Rolling Out

Coils to Locs provides wigs for women with medical hair loss

Dianne and Pamela partnered together to add diverse hair options in hospitals across the country
Coils to Locs provides wigs for women with medical hair loss
Dianne Austin (left) and Pamela Shaddock (Photo courtesy of Dianne Austin and Pamela Shaddock)

Coils to Locs is a social impact for-profit company specializing in coily and curly wigs in the medical space. The wig brand was founded by Boston residents and sisters Dianne Austin and Pamela Shaddock. They saw a need to add diversity in hospitals for women with medical hair loss due to treatment for cancer and other illnesses.

Austin is a breast cancer survivor who was driven to make the wig company a reality when hair options were limited to primarily straight hair — she wanted hair that looked closer to her natural tresses.
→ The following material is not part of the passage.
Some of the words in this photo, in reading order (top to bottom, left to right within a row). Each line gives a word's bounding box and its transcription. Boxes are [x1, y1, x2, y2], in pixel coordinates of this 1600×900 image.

With Shaddock’s experience in the acting industry and Austin’s medical knowledge, they knew this company would help all women feel beautiful during their medical hair loss journeys.

What inspired you to launch Coils to Locs?
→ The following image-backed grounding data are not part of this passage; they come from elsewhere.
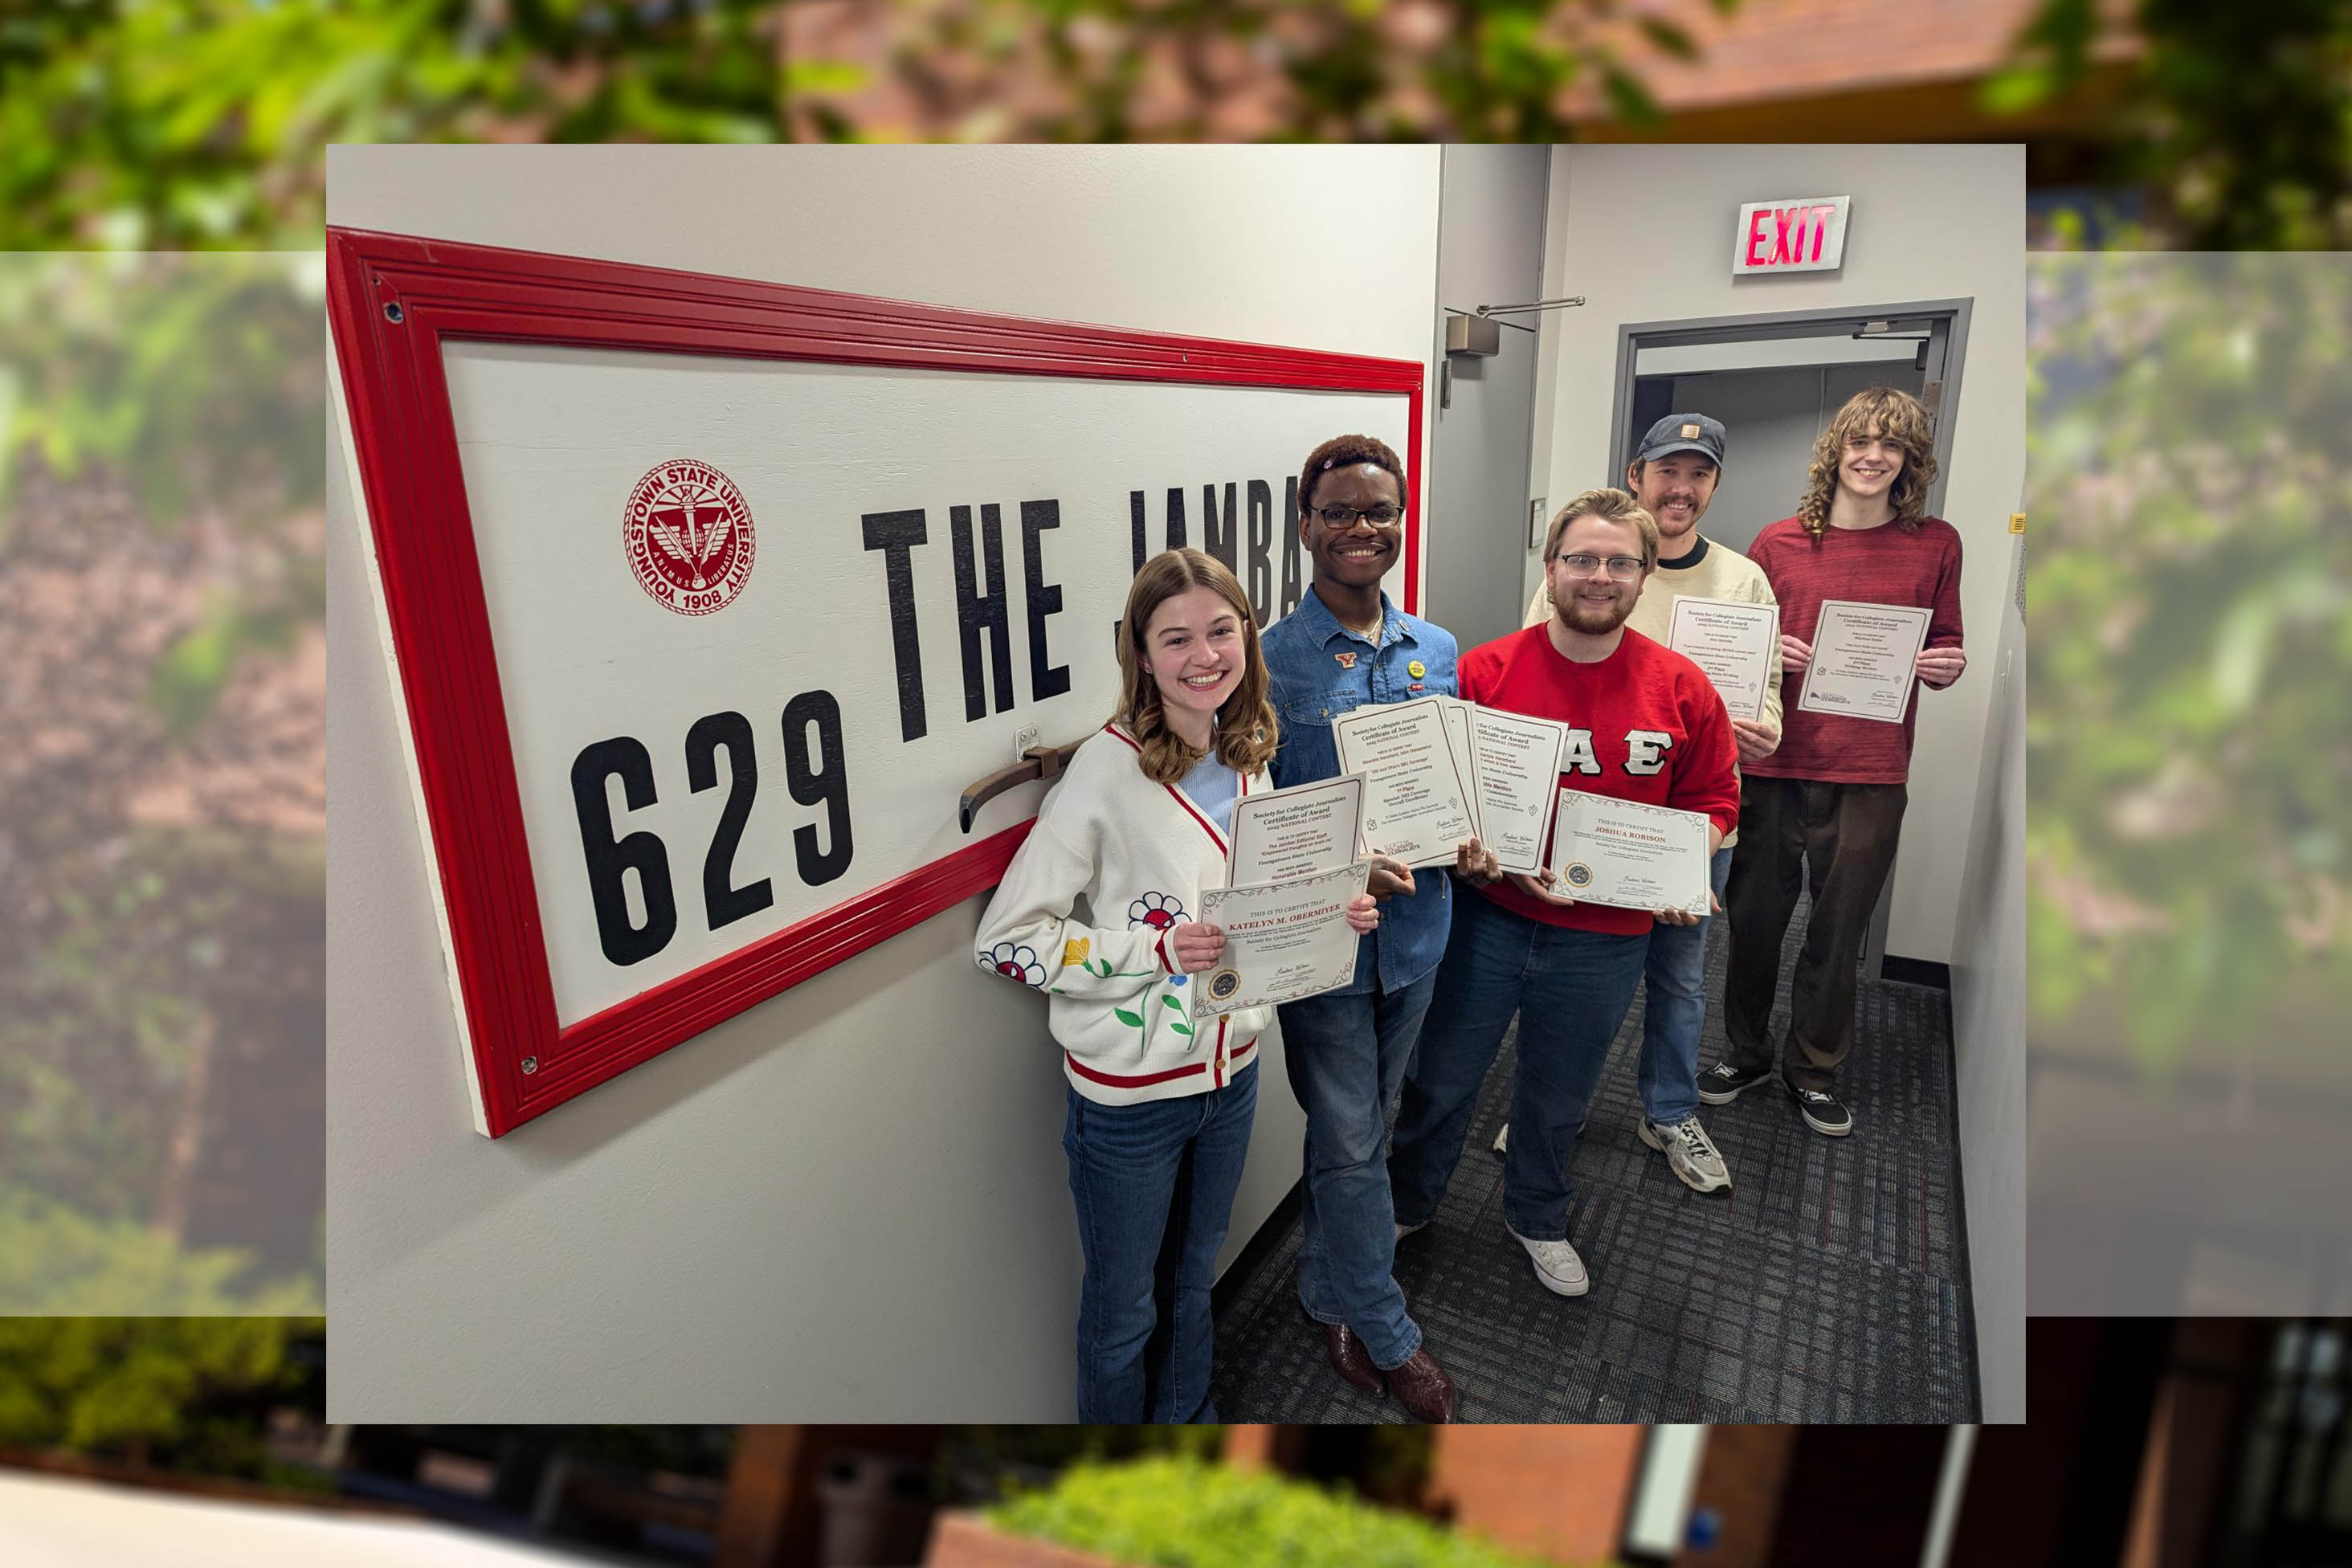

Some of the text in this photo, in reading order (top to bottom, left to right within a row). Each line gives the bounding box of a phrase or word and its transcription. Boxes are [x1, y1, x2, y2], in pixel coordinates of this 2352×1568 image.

[1746, 205, 1835, 266] EXIT
[631, 468, 750, 604] YOUNGSTOWN STATE UNIVERSITY
[652, 543, 734, 588] ANIMUS LIBERATUS
[683, 590, 721, 609] 1908
[862, 499, 1071, 743] THE
[1402, 715, 1428, 725] Journalists
[1488, 725, 1514, 734] Collegiate
[1362, 731, 1390, 741] Certificate
[1398, 723, 1416, 732] Award
[1561, 729, 1673, 776] A E
[1253, 811, 1276, 819] Society
[1286, 803, 1314, 813] Collegiate
[1315, 796, 1346, 807] Journalists
[1264, 814, 1299, 826] Certificate
[1309, 806, 1329, 816] Award
[570, 688, 855, 966] 629
[1280, 819, 1308, 828] NATIONAL
[1309, 813, 1332, 822] CONTEST
[1594, 826, 1627, 837] JOSHUA
[1629, 832, 1665, 843] ROBISON
[1272, 871, 1296, 880] Honorable
[1284, 902, 1309, 913] CERTIFY
[1310, 898, 1326, 907] THAT
[1229, 919, 1274, 931] KATELYN
[1289, 903, 1341, 922] OBERMIYER
Dianne Austin: Coils to Locs is a social impact for-profit business disrupting a health care disparity in the medical wig space, which is the lack of access to coily, curly wigs at cancer center hospitals and medical hair loss salons. The business is based on my experience as a cancer patient. I’m a survivor and thriver now, but in 2015 I was diagnosed with breast cancer. As part of that journey, I learned that I would lose all of my hair, and I [usually] wear my hair in its natural state.

I was given a wig prescription and learned that there was a whole industry around that, but much to my dismay, when I went with my wig prescription, knowing my insurance would cover the costs [while] going through chemotherapy, I couldn’t find any wigs that looked like my natural hair. Not just at the cancer center hospitals in Boston where I was being treated but also across the country. So the business was born based on my frustration. I was so frustrated and angry, to be honest with you.

… I know everyone doesn’t want to wear a wig, but I wanted to wear a wig because I didn’t want to look like a cancer patient. I worked in health care for most of my career, and I just wanted to look as much like myself as possible.

Pamela Shaddock: At the time, we were like, “It’s 2015. Where are these wigs?” I was living in L.A. at the time, and I [quickly] hopped on a plane. My background was as an actor, so I knew wigs, and I wore wigs. So, I came to help her find a wig. She ended up having to pay out of pocket. She lost the ability to use her health insurance, she lost the ability to get the resources that come with going to a cancer center hospital or a medical hair loss salon and that one-on-one attention you get with a licensed cosmetologist. So, that’s where I came in.